Native populations in Montana were also undercounted during the 2020 Census, a point that was made by Western Native Voice Board Chair Pat Smith during Friday’s meeting.

“The 2020 census was conducted on Montana’s Indian reservations in the teeth of the deadly pandemic, and census counting efforts abruptly and arbitrarily concluded a month early at the direction of then-President Trump,” Smith said Friday.

On Tuesday, Rep. Joe Read, R-Ronan, said that maps two and three, the two maps proposed by Democrats, would put him out of running in the future. Read said he was the first Republican to win in House District 15, which included Browning, Heart Butte and parts of Arlee.

“When I ran my campaign, I never once went over to the Blackfeet Indian Reservation,” Read said.

Read said he exclusively campaigned in Lake County. He served in the 2011 legislature but lost when he ran again in 2012.

“Then the politics of the game was that it became more competitive because of the Blackfeet Tribe. Blackfeet tribal people got together and realized that there was a Republican running in that race,” he said.

Read said that HDP4, proposed by Republican Commissioner Dan Stusek, would be the only map that gives him “any kind of opportunity.”

He said where he lives now is “a property line away” from being in a competitive district. He said his house currently sits on the line between HD 15 and House District 93, the district he’s represented since 2019.

“There is no inexpensive way to campaign in that house district,” he said of HD15, noting that he would need to advertise across multiple media because radio didn’t reach his target audience.

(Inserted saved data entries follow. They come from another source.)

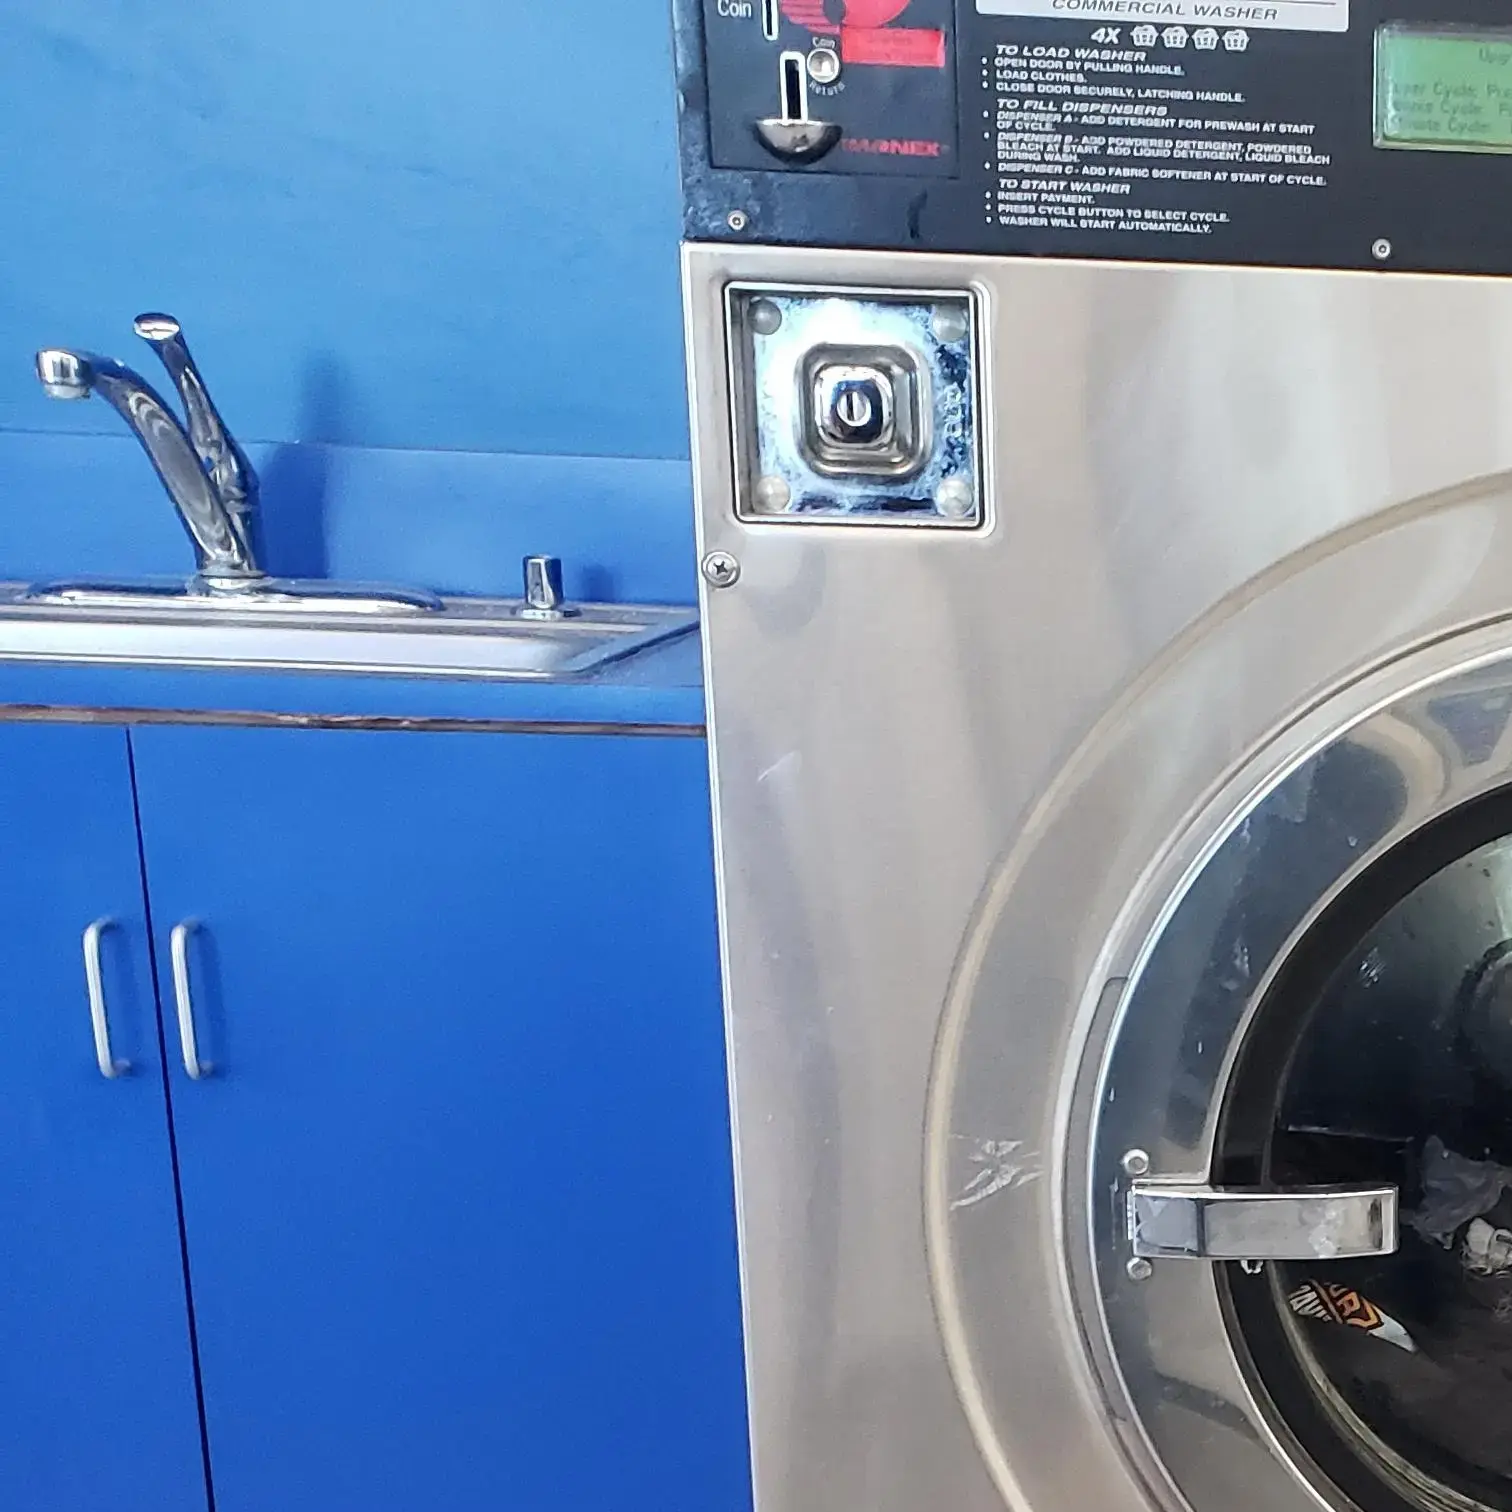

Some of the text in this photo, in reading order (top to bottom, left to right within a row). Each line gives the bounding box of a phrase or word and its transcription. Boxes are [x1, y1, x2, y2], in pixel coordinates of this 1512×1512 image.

[717, 0, 753, 18] Coin
[1052, 0, 1279, 21] COMMERCIAL WASHER
[1091, 27, 1121, 44] 4X
[996, 45, 1147, 62] TO LOAD WASHER
[994, 57, 1027, 68] OPEN
[1029, 58, 1063, 70] DOOR
[1066, 60, 1081, 71] BY
[1084, 61, 1132, 73] PULLING
[996, 69, 1028, 81] LOAD
[996, 81, 1035, 93] CLOSE
[1037, 83, 1070, 94] DOOR
[1138, 88, 1193, 101] LATCHING
[997, 99, 1168, 117] TO FILL DISPENSERS
[1081, 115, 1105, 125] ADD
[1108, 116, 1176, 128] DETERGENT
[1178, 119, 1202, 129] FOR
[1204, 121, 1260, 132] PREWASH
[1263, 123, 1276, 133] AT
[1279, 124, 1315, 134] START
[997, 141, 1043, 151] BLEACH
[1046, 143, 1061, 152] AT
[1107, 146, 1130, 156] ADD
[1133, 147, 1171, 158] LIQUID
[1245, 152, 1282, 163] LIQUID
[1285, 155, 1330, 165] BLEACH
[1082, 136, 1106, 145] ADD
[1108, 136, 1173, 148] POWDERED
[1247, 143, 1311, 155] POWDERED
[998, 151, 1041, 161] DURING
[1082, 166, 1106, 176] ADD
[1108, 167, 1149, 178] FABRIC
[1214, 172, 1228, 181] AT
[1231, 172, 1265, 183] START
[1268, 174, 1284, 184] OF
[999, 178, 1131, 195] TO START WASHER
[998, 191, 1039, 201] INSERT
[998, 204, 1035, 214] PRESS
[1038, 205, 1075, 216] CYCLE
[1078, 207, 1124, 218] BUTTON
[1127, 209, 1141, 219] TO
[1144, 210, 1187, 221] SELECT
[999, 216, 1048, 226] WASHER
[1051, 218, 1077, 228] WILL
[1080, 219, 1116, 230] START

Read said when he campaigned in Browning, he had to stay at a hotel, and because he was attending community events that weren’t related to the legislature or the campaign, he had to pay for them out of pocket. Read also said the district spans 350 miles across the continental divide, which can be expensive to drive and hazardous in the winter.

“It is difficult to be a good representative for that house district if you are from the west side of the divide,” he said.

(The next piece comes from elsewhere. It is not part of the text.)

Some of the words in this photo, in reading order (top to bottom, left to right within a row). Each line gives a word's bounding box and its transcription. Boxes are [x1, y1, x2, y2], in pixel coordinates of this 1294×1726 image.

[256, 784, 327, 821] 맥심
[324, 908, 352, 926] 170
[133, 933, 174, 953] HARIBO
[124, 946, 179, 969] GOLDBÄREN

Stusek said he’s heard the same concerns from candidates on both sides trying to campaign across the divide.

“Practical continuity is something that we should really look for for people campaigning in these districts,” Stusek said. He asked Read if the way the district is currently drawn was fair to the residents on either side of the district.

“It’s blatantly not fair to the people on this side of the divide,” Read said. “The majority of the population is over on the east side of the divide and the bigger tribal population is over on the east side of the divide.”

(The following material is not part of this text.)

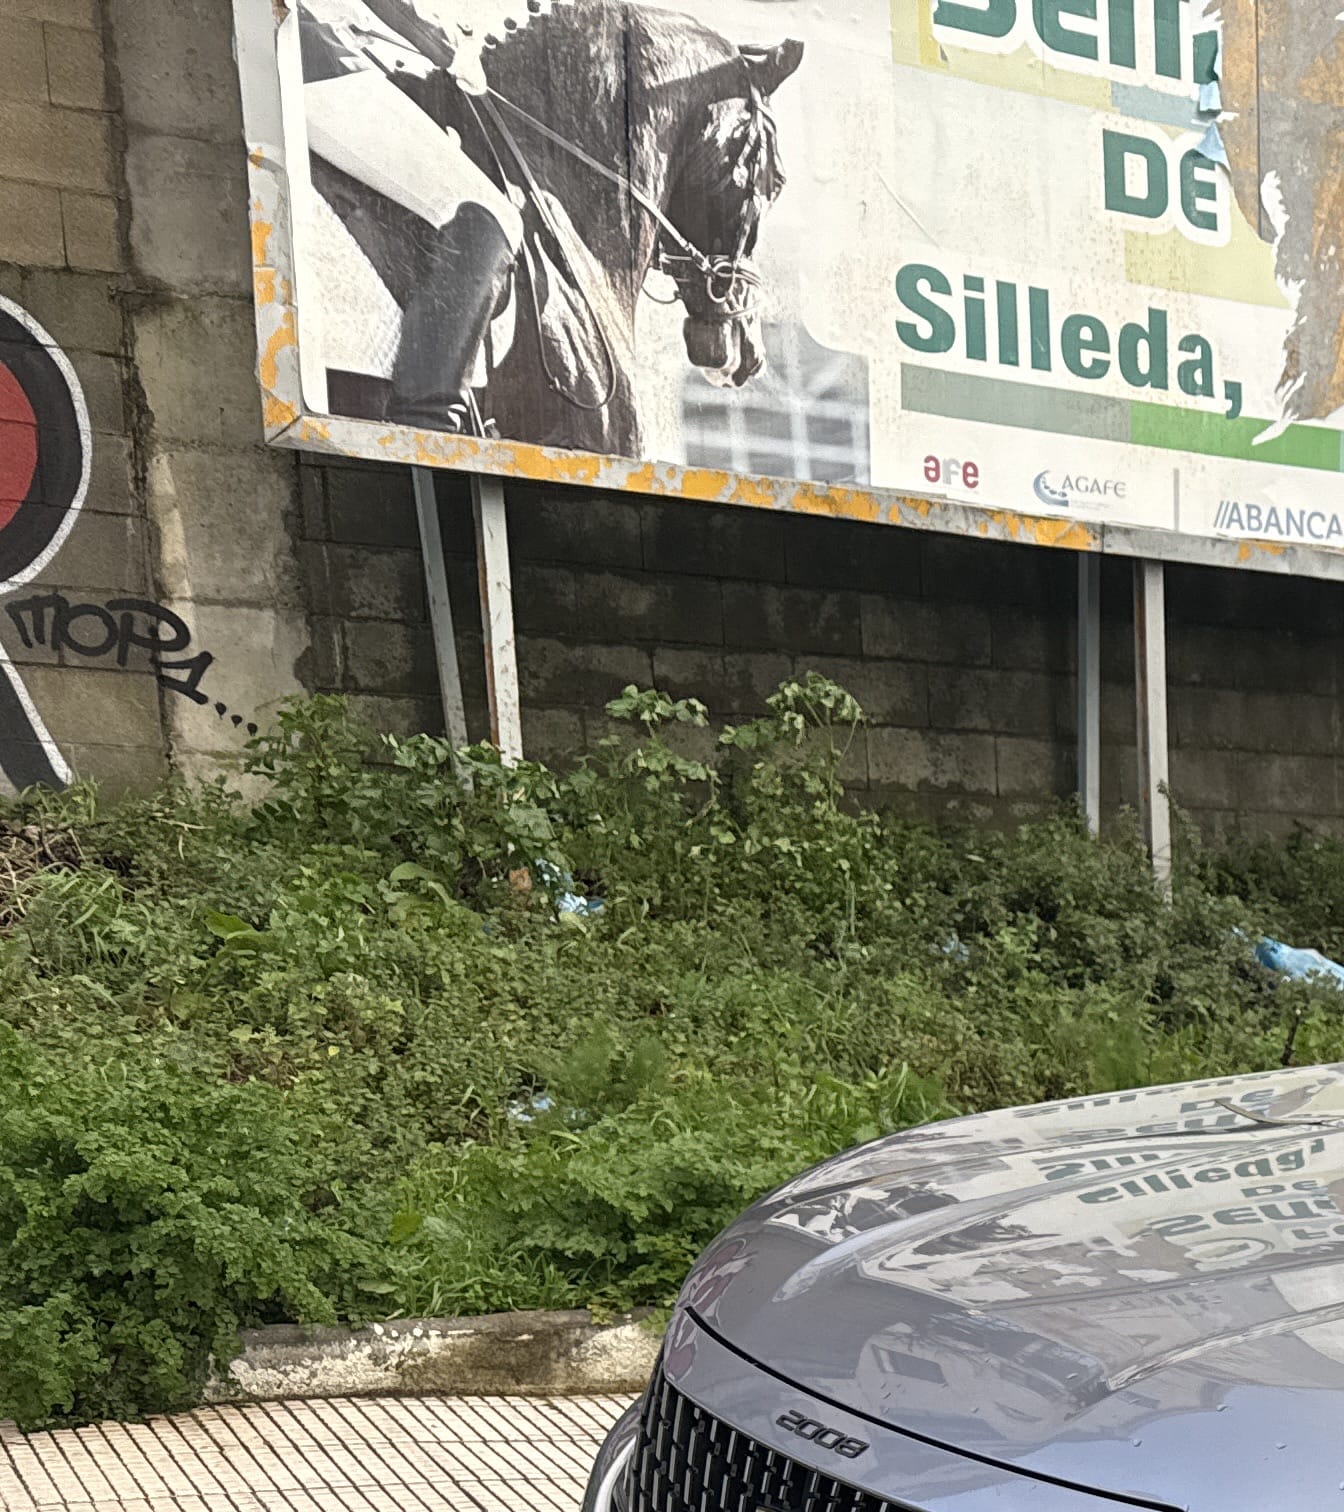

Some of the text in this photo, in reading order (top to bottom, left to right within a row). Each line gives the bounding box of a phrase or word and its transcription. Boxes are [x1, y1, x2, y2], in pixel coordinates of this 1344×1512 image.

[1103, 128, 1218, 231] DE
[896, 263, 1242, 420] Silleda,
[776, 1409, 870, 1459] 2008

“I have run multiple times against tribal council and that in itself is a disadvantage for anybody who lives on this side of the reservation of that house district,” Read said.

He said he’s served on the The State-Tribal Relations Interim Committee for three terms and is familiar with the problems from both reservations, but culturally he said he is “more of a farmer, more of a mechanic.”

“I represent the community over on this side very well. When I was the representative over on the Blackfeet side of the reservation, it was awkward. It literally was awkward for me to represent that area,” he said.

Democrat Commissioner Joe Lamson in response to Read’s testimony said that most of his concerns were “of a personal nature” rather than of the commission’s adopted criteria for legislative maps.

Read said that he’s heard from individual tribal members that they are dissatisfied with the assumption that it was “always going to be a Blackfeet Tribal member, a tribal person or someone from the west side who would always win that election.”

He said towards the end of his comments that he was made aware that two of the maps would actually allow him to run in Lake County.

All four maps along with public hearing schedule are available on the commission’s website.

The next public hearing is scheduled for Thursday in Bozeman at Montana State University Asbjornson Building Inspiration Hall. There will not be remote participation via Zoom at this meeting, but it will be audio recorded, and the recording will be available online after the meeting, according to the commission website.